Pubblicato il 22 agosto 2016

A una settimana dal via del torneo che lo ha lanciato nel tennis di vertice, Marin Cilic torna a vincere qualcosa di importante. Lo fa a Cincinnati, in un Masters 1000 anomalo perché arrivava subito dopo le Olimpiadi, dunque con tanti forfait dettati dalle fatiche dei top players, pronti a sacrificare l'evento americano in vista di una migliore preparazione per il quarto Slam stagionale, gli Us Open di New York. Quel Major che il croato si portò a casa nel 2014, nella finale più sorprendente della storia recente del grande tennis, dominata con un triplice 6-3 contro il giapponese Kei Nishikori. Proprio quell'anno, a Rotterdam, Marin riuscì a battere Andy Murray per la terza volta su 13 confronti, la prima dopo cinque anni. E in Ohio si è ripetuto, centrando una vittoria in due set (6-4 7-5) che sa di rilancio definitivo dopo un lungo periodo di incertezza e un infortunio al ginocchio che lo aveva tenuto fuori per un paio di mesi.

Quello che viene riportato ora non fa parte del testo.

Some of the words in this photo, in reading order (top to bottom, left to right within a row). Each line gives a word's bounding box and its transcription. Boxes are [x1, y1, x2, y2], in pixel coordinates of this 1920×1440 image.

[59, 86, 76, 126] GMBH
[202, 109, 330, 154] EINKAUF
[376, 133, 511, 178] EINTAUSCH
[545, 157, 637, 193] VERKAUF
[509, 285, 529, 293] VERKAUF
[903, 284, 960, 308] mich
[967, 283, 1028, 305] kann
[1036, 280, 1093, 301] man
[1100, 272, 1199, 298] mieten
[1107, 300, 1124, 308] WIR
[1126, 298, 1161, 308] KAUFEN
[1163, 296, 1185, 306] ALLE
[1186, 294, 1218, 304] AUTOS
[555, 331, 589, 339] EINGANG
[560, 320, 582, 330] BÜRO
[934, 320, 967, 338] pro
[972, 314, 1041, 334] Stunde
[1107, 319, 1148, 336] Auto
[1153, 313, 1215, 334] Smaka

Quando si parla di Cilic, tra addetti ai lavori e appassionati c'è spesso quel velo della squalifica per doping (datata 2013) che copre una parte della sua carriera e della sua credibilità. Un velo accentuato dal 'silent ban' che arrivò durante Wimbledon e che forse fece più clamore della squalifica stessa, dovuta a una zolletta di glucosio contenente un prodotto non ammesso. Una vicenda ormai accantonata, e che tutto sommato non ha compromesso l'attività di un giocatore dal grande potenziale. Uno che in carriera ha saputo battere, oltre a Murray, anche Roger Federer e Rafa Nadal, vedendosi negata soltanto da Novak Djokovic la soddisfazione di un en plein contro i Fab Four.

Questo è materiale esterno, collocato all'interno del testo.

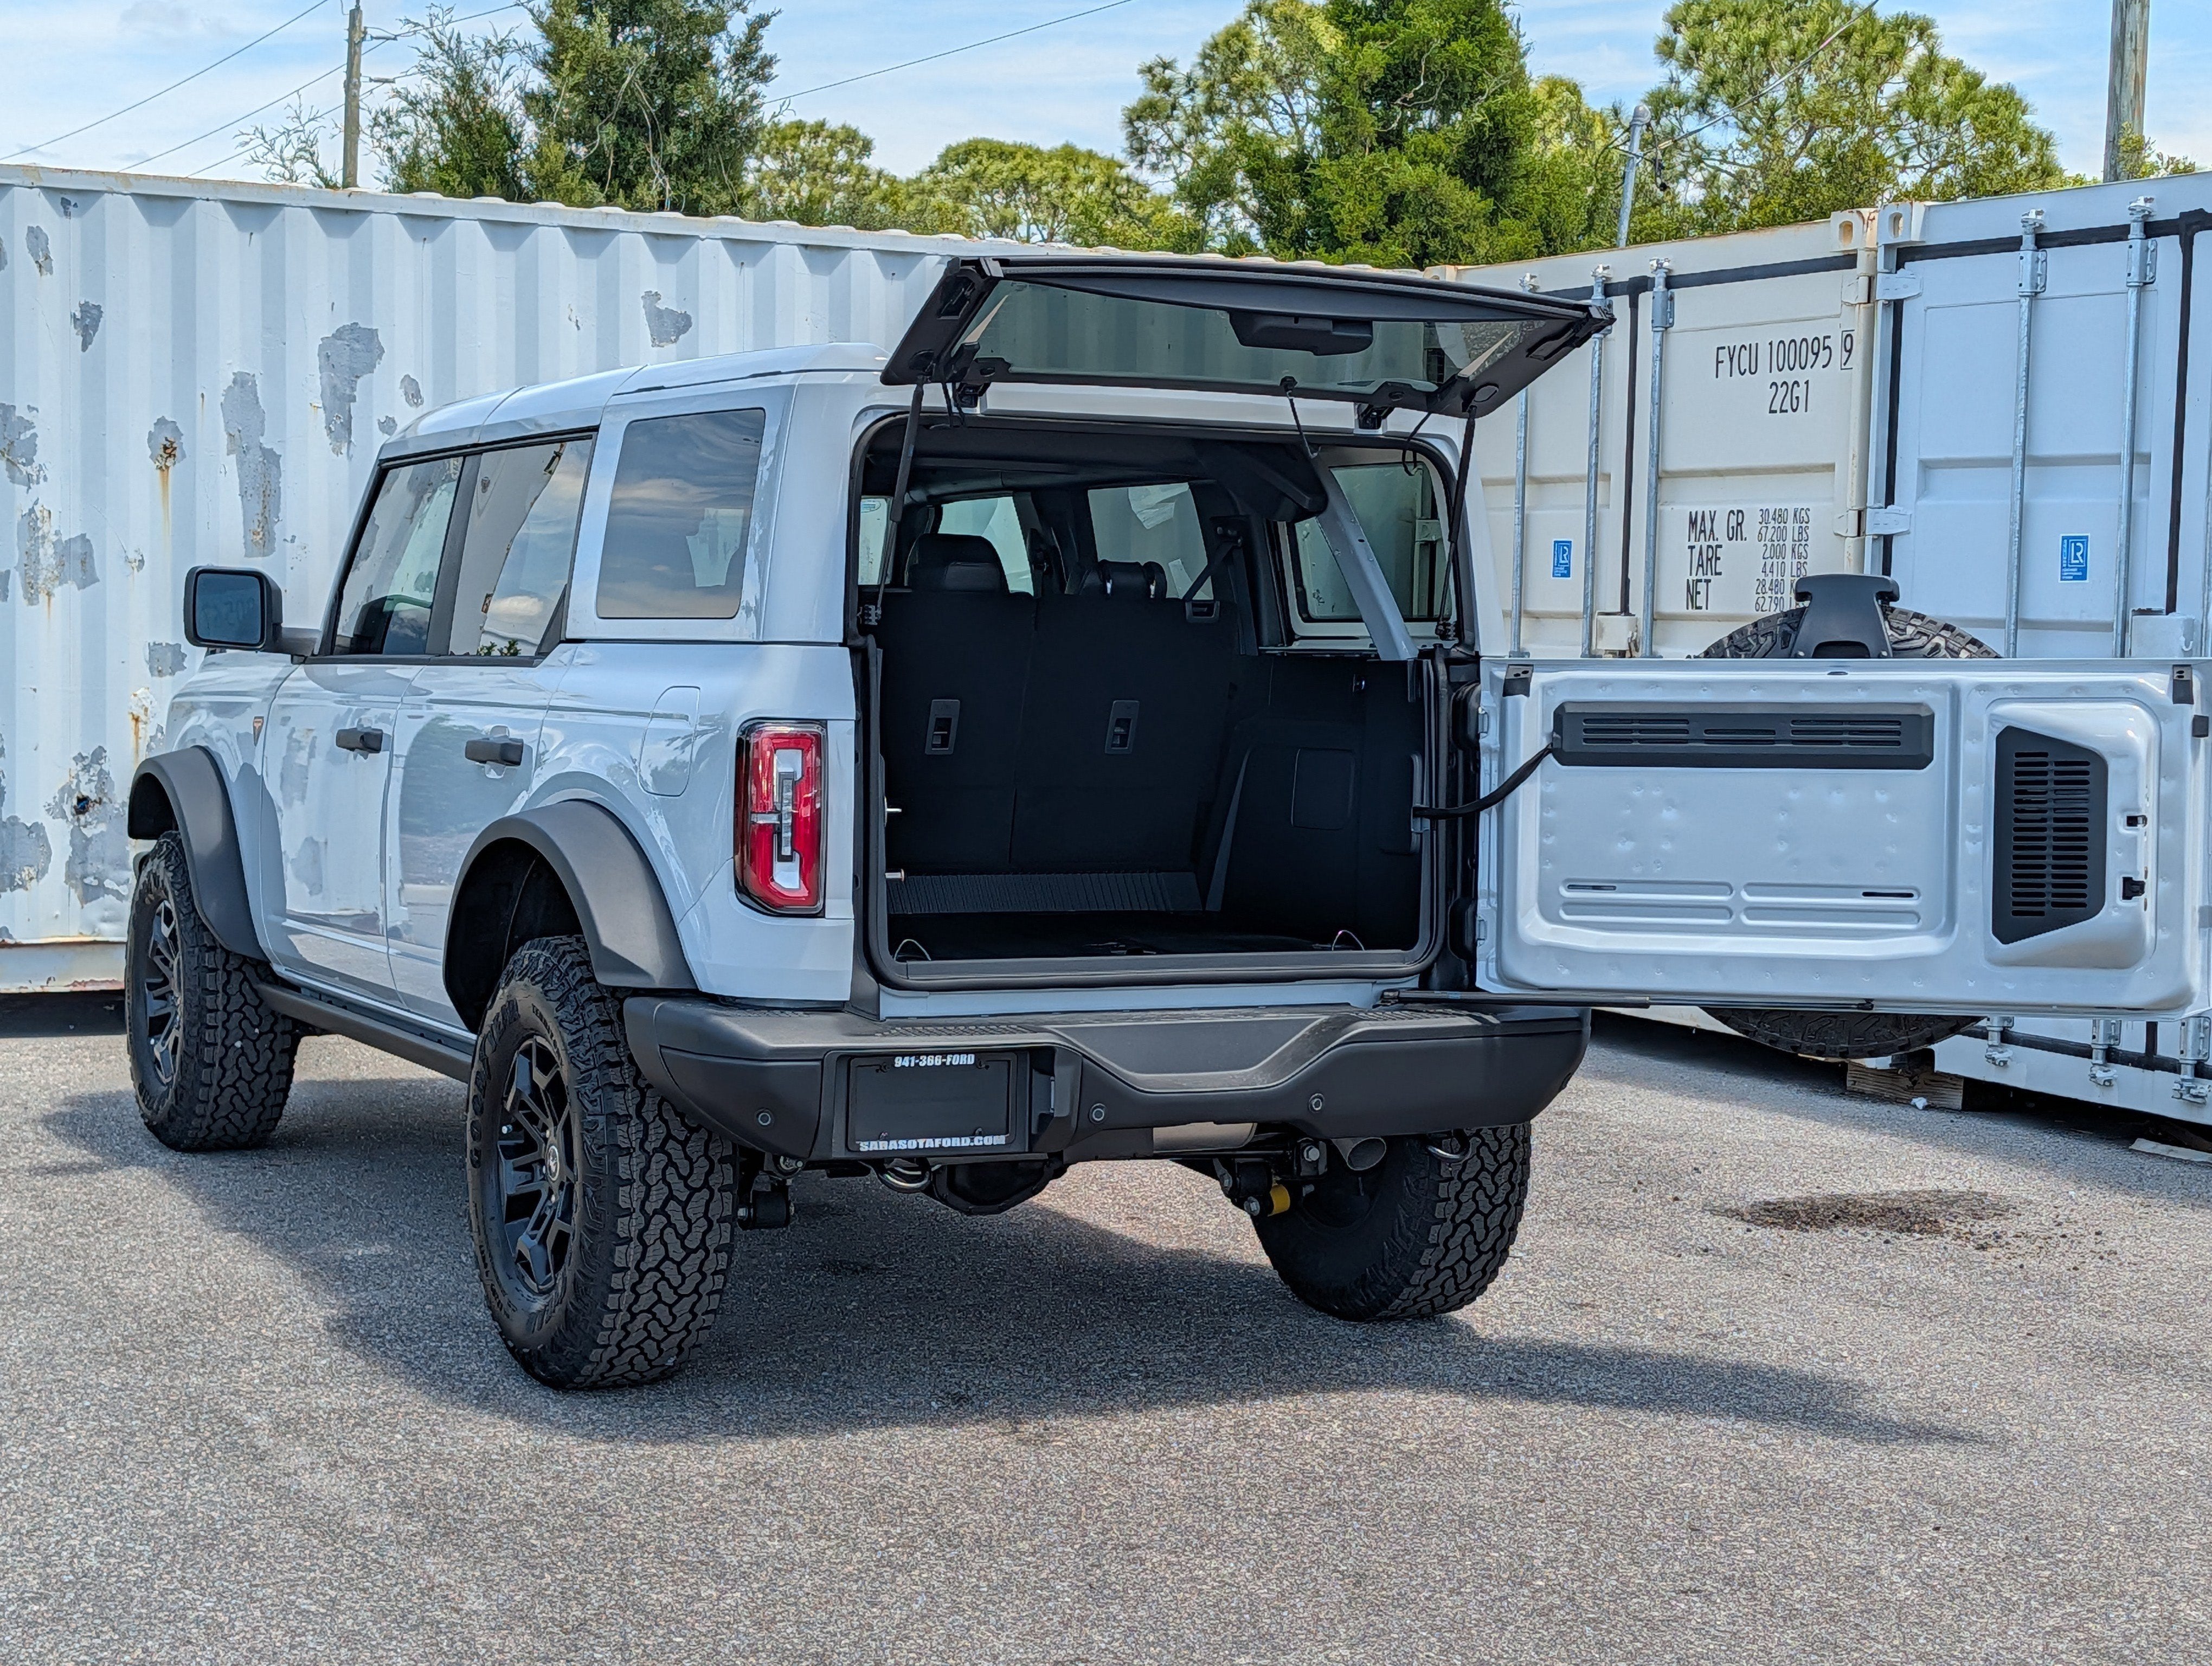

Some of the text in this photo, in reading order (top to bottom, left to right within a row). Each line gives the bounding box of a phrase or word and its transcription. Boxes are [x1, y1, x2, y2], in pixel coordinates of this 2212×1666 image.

Oggi Cilic, nato a Medjugorje nel 1988, è prima di tutto un ragazzo sereno. I suoi 27 anni sono una garanzia perché significano maturità ma anche tante stagioni di alto livello ancora disponibili. E a dargli ulteriore fiducia c'è un nuovo coach al suo angolo. Si chiama Jonas Bjorkman, è svedese, e ha saputo trasferire nella sua carriera di allenatore tutta quell'intelligenza che aveva mostrato da giocatore, quando senza avere un bagaglio tecnico straordinario riuscì ad arrampicarsi fino al numero 4 della classifica mondiale di singolare e al numero 1 di quella di doppio, centrando due semifinali pesanti negli Slam, a Wimbledon e a New York. Ebbene, Bjorkman è stato per un breve periodo nello staff di Andy Murray, e forse proprio quella stretta vicinanza col numero 2 del mondo ha regalato al nuovo pupillo qualche segreto in più per arrivare al successo di domenica sera.

“Sento che potrà aiutarmi molto – ha spiegato il croato a proposito dello scandinavo – soprattutto nel gioco di volo, dove ho bisogno di fare progressi. Del resto la sua carriera parla per lui, e proprio a rete Jonas aveva il suo punto di forza”. Tutto vero, Marin: Bjorkman aveva un diritto esasperatamente anticipato ma tutto sommato fragile, un rovescio continuo ma senza il colpo del ko, un gioco complessivamente attaccabile da chiunque avesse avuto un po' di coraggio. Ma alla fine spesso vinceva lui, proprio con quel coraggio che gli altri non trovavano. Andando avanti su ogni palla, finendo per sfiancare mentalmente gli avversari, facendo valere un'attitudine al tocco che lo ha portato a traguardi insperati. Proprio l'opposto di Cilic, capace di grandi botte nei fondamentali ma ancora da forgiare in certi movimenti d'attacco. Passa da qui, dalla testa di Bjorkman e dalla convinzione di Marin, un ulteriore salto di qualità del croato, oggi numero 9 del mondo. Per cancellare una volta per tutte quel velo fastidioso calato sulla sua carriera tre stagioni fa.